---------- Input data ----------
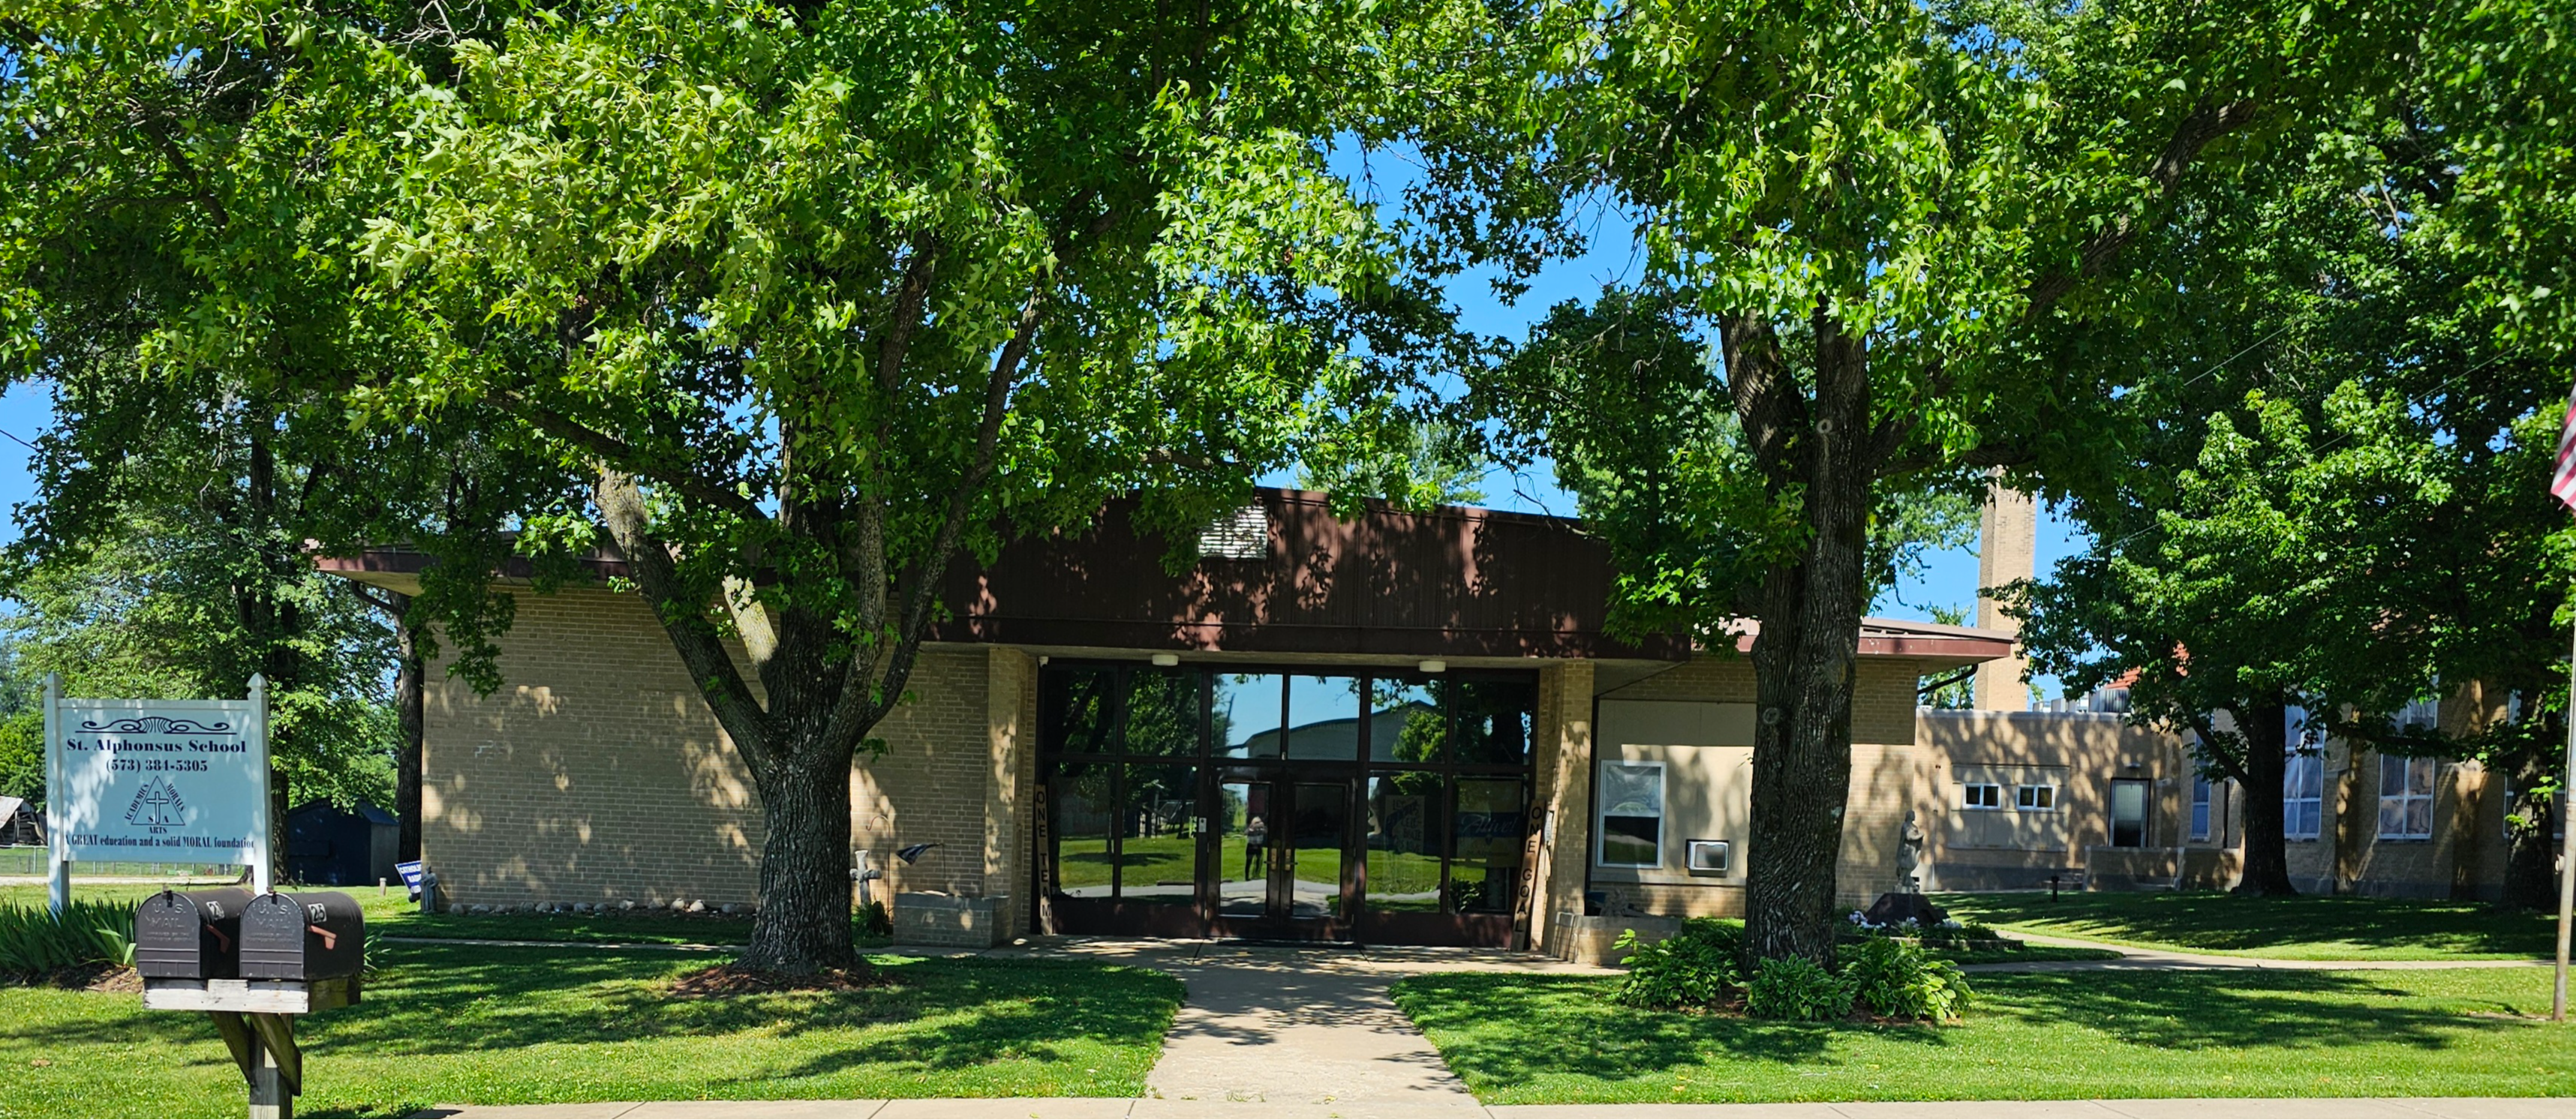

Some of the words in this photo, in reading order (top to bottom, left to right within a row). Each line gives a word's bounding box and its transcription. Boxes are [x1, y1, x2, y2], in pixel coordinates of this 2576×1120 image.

[67, 738, 88, 751] St.
[94, 739, 182, 755] Alphonsus
[188, 739, 246, 753] School
[107, 758, 140, 774] (573)
[146, 759, 208, 772] 384-5305
[125, 784, 149, 820] ACADEMICS
[167, 783, 185, 812] MORALS
[148, 815, 154, 823] S
[1036, 791, 1047, 838] ONE
[1461, 814, 1519, 833] Alive!
[72, 834, 98, 845] GREAT
[100, 835, 137, 846] education
[139, 836, 153, 846] and
[155, 838, 161, 846] a
[162, 836, 181, 847] solid
[182, 836, 212, 848] MORAL
[149, 826, 167, 834] ARTS
[1527, 806, 1542, 853] ONE
[1039, 852, 1051, 917] TEAM
[1515, 868, 1533, 932] GOAL
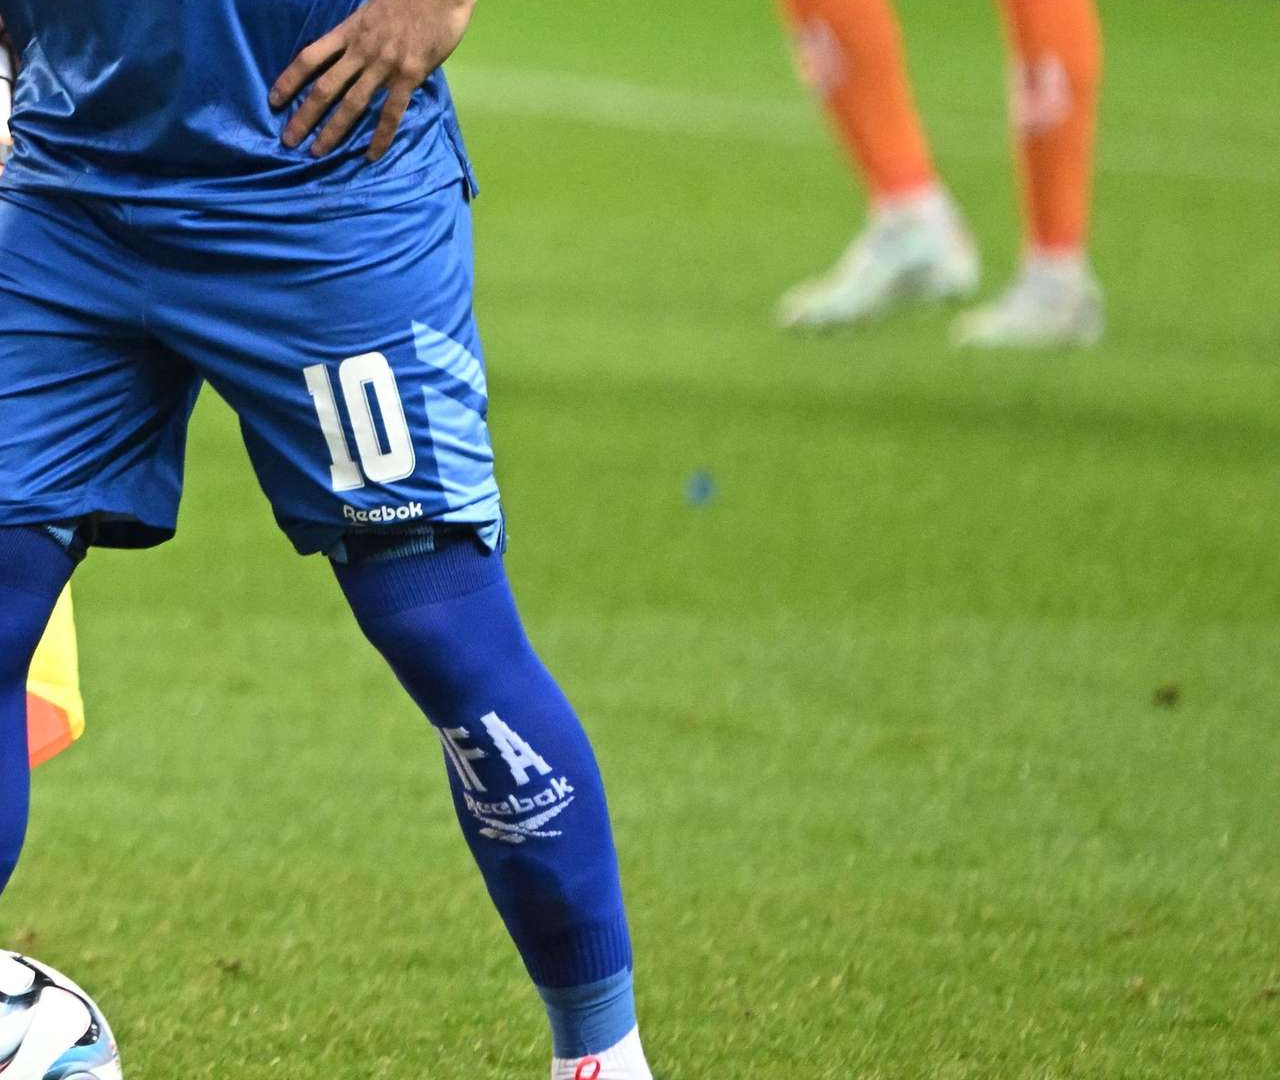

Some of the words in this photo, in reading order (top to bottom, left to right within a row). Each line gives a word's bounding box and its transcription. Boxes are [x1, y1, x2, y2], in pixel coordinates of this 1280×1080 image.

[303, 351, 416, 492] 10
[343, 501, 423, 522] Reebok
[463, 776, 575, 818] Reebok
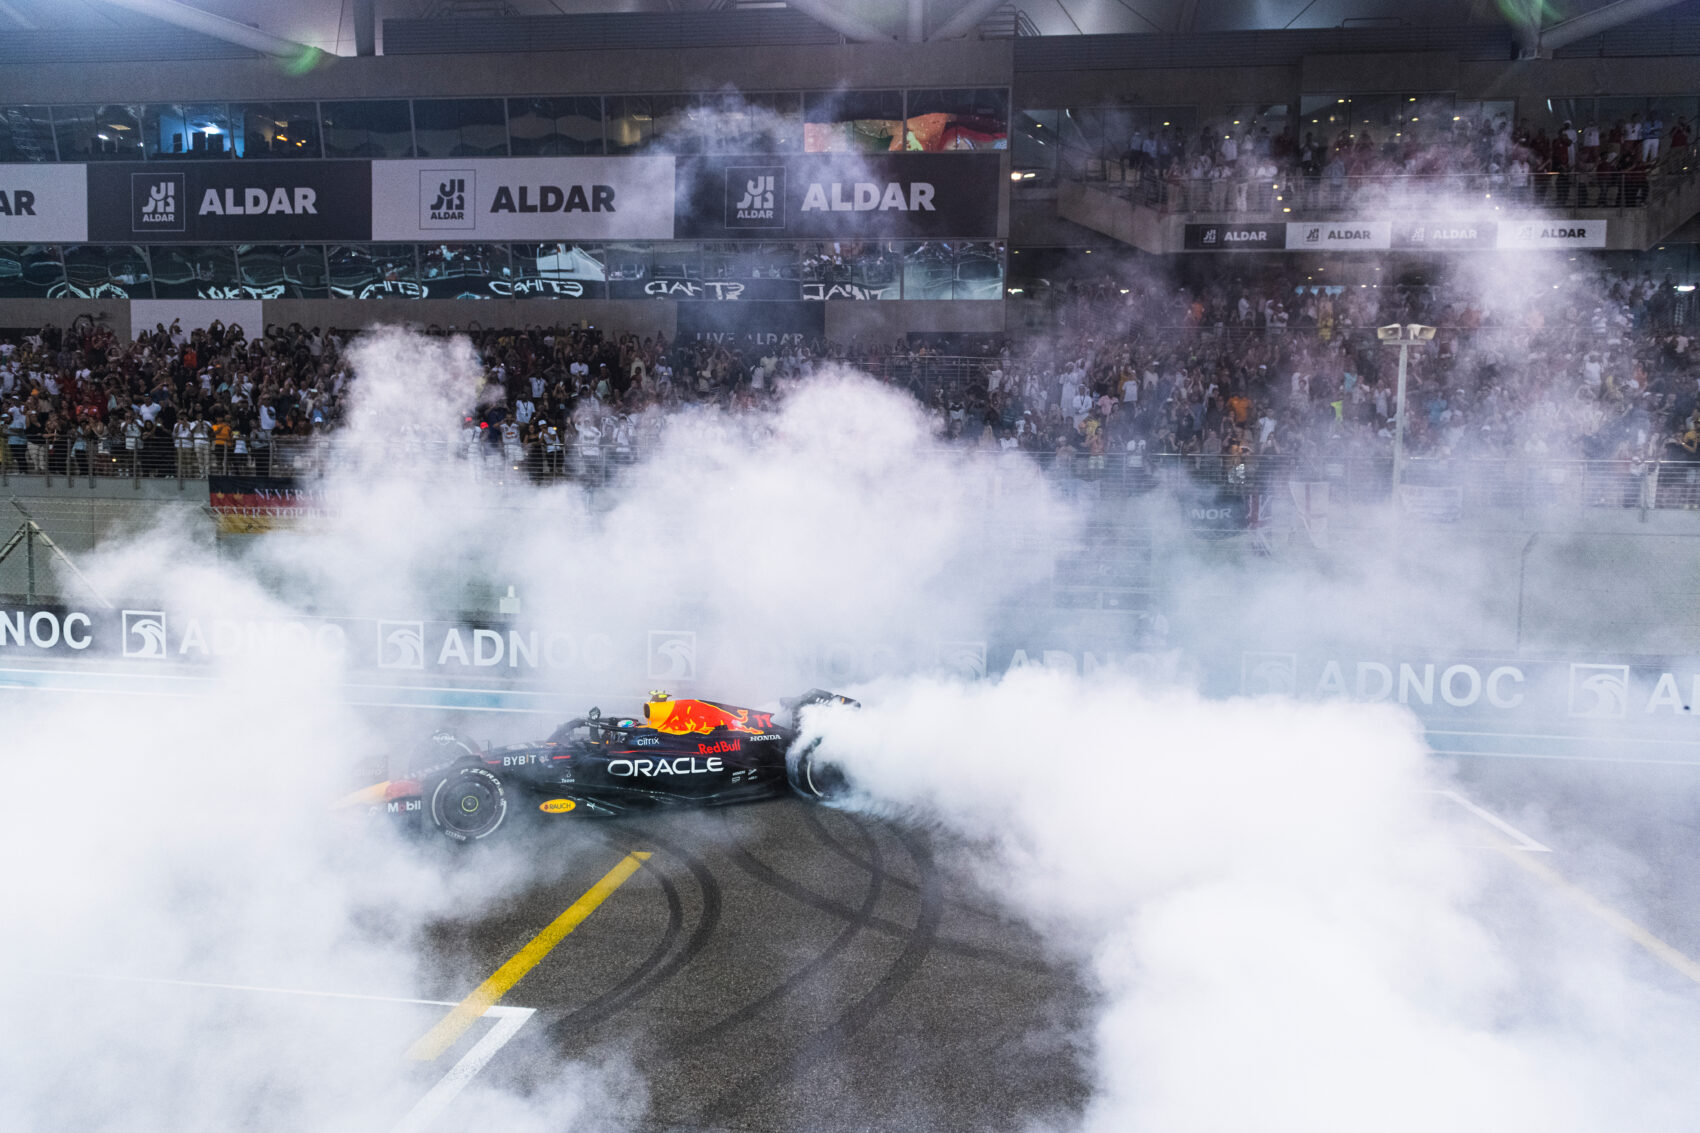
----------
Set down every entry above exactly as written, but skip the pictures.

Some of the words in this photo, in reading order (top to bottom, left to right within a row). Each line gives a word's bounding box and its transcription. Boxes are [x1, y1, x2, y2], in pixel coordinates of this 2576×1120 image.

[67, 738, 88, 751] St.
[94, 739, 182, 755] Alphonsus
[188, 739, 246, 753] School
[107, 758, 140, 774] (573)
[146, 759, 208, 772] 384-5305
[125, 784, 149, 820] ACADEMICS
[167, 783, 185, 812] MORALS
[148, 815, 154, 823] S
[1036, 791, 1047, 838] ONE
[1461, 814, 1519, 833] Alive!
[72, 834, 98, 845] GREAT
[100, 835, 137, 846] education
[139, 836, 153, 846] and
[155, 838, 161, 846] a
[162, 836, 181, 847] solid
[182, 836, 212, 848] MORAL
[149, 826, 167, 834] ARTS
[1527, 806, 1542, 853] ONE
[1039, 852, 1051, 917] TEAM
[1515, 868, 1533, 932] GOAL

Some of the words in this photo, in reading order (top to bottom, left to right within a row). Each line gives a word's bounding box and its transcription. Boxes are [x1, y1, x2, y2], in pixel coordinates of this 1280×1080 image.

[303, 351, 416, 492] 10
[343, 501, 423, 522] Reebok
[463, 776, 575, 818] Reebok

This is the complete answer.